Some cryptocurrency players have taken to their Twitter accounts to express their reaction over the Central Bank of Nigeria’s order to shut down cryptocurrency operations.
The Central Bank on Friday ordered banks and other financial institutions to identify persons and entities operating cryptocurrency exchanges and close all such accounts.
Many experts have criticised the decision and regarded it as an attempt to impoverish Nigerians.
Reacting to the ban, Co-founder of Andela, and former managing director of Flutterwave, Iyinoluwa Aboyeji, rejected the CBN directive, saying that the government could not stop African innovators.
He referred to the government as an obstacle to innovation, adding that they had made a habit of issuing policy directly attacking the tech industry and its brave innovators.
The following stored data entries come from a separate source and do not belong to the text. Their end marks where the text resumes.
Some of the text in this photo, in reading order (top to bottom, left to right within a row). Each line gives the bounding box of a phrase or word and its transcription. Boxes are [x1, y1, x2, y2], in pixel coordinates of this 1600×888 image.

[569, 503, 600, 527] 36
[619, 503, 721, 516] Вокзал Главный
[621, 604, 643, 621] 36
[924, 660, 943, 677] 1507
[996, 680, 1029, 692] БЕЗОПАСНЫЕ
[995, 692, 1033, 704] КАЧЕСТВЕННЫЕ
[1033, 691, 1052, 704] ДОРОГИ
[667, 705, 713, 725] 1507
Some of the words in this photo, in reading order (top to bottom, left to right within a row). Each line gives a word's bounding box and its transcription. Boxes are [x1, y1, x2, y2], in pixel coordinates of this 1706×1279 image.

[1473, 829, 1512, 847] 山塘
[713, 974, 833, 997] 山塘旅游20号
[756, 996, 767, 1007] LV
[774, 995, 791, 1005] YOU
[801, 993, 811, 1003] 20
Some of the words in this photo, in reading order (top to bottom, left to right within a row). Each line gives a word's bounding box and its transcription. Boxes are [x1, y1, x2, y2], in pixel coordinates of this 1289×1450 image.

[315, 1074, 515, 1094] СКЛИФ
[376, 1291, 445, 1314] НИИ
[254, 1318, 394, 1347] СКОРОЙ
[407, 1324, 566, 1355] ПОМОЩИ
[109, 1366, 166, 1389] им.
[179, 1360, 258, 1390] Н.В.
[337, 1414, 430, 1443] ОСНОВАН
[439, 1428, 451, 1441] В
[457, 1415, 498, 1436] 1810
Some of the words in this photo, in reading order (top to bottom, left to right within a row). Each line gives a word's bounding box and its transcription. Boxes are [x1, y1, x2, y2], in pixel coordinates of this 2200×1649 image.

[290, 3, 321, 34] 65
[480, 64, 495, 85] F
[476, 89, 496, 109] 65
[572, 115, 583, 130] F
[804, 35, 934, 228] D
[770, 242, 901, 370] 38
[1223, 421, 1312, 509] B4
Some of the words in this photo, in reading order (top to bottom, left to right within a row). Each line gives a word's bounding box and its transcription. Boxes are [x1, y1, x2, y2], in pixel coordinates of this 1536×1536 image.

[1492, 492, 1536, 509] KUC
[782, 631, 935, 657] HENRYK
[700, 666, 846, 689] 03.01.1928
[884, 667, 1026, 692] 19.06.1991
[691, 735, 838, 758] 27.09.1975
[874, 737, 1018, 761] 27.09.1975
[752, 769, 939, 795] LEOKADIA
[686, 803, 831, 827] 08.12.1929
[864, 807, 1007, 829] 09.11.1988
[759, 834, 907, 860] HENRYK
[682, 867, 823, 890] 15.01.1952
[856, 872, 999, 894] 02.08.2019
Aboyeji tweeted, “I’m sorry we don’t agree (and quite frankly we don’t need to) but I am simply not convinced that bad govt can kill the work we’ve spent the last 10 years doing in our tech industry.
“I believe that no one – not – even bad government – can stop our African innovators. In fact, I’m betting on us to eventually innovate governance itself. As always, the obstacle is the way.”
Also, Co-Founder and Chief Executive Officer of BudgIT, Oluseun Onigbinde, said that a shutdown of cryptocurrency transactions was not a right move, saying that digital currencies were inevitable.
He advised that the government emulate the United States by using licensing, taxes and Know-Your-Customer approach instead.
“A ban is not the way. Till standards kick in, follow the US with licensing, taxes and KYC approach. Digital currencies are inevitable,” Onigbinde tweeted.
The founder and CEO of cryptocurrency exchange, Binance, Changpeng Zhao, on Twitter agreed with a list placing Nigeria as one of the bottom five countries to start a career.
The founder in a tweet noted that the top five countries; the United Kingdom, Germany, Canada, USA and Japan, all legally recognised crypto unlike the bottom five countries, including Nigeria.
In an earlier tweet he also stated that the CBN directive would stop Nigerian banks from working with exchanges but would likely encourage peer-to-peer trading as a result.
In his own words, “It is likely that the Nigeria banks will stop working with exchanges. P2P trading will likely flourish as a result.”
In 2020, crypto marketplace, Paxful, reported that Nigeria led Africa in peer-to-peer trading in 2020.
Former Vice President, Atiku Abubakar, also called for a revisitation of the policy prohibiting dealing and transactions in cryptocurrencies, saying that the crypto prohibition would restrict inflow of capital into Nigeria.
According to him, the nation suffered severe economic losses from the border closure and the effects of the COVID-19 pandemic, making it the wrong time to introduce policies that would restrict the inflow of capital into Nigeria.
He advised that the subsector should be regulated to prevent any abuse and damage to the national security rather than an outright shutdown.
Following the CBN directive, major crypto exchanges have disabled naira deposits.
In a statement on Friday, Binance announced that it had suspended naira deposit services until further notice, adding that it was monitoring the situation closely.
“Withdrawal services remain normal and will continue to be processed but might take slightly longer time than usual,” the statement said.
Other crypto currency exchanges such as Luno, Quidax, and Buycoins took similar measures.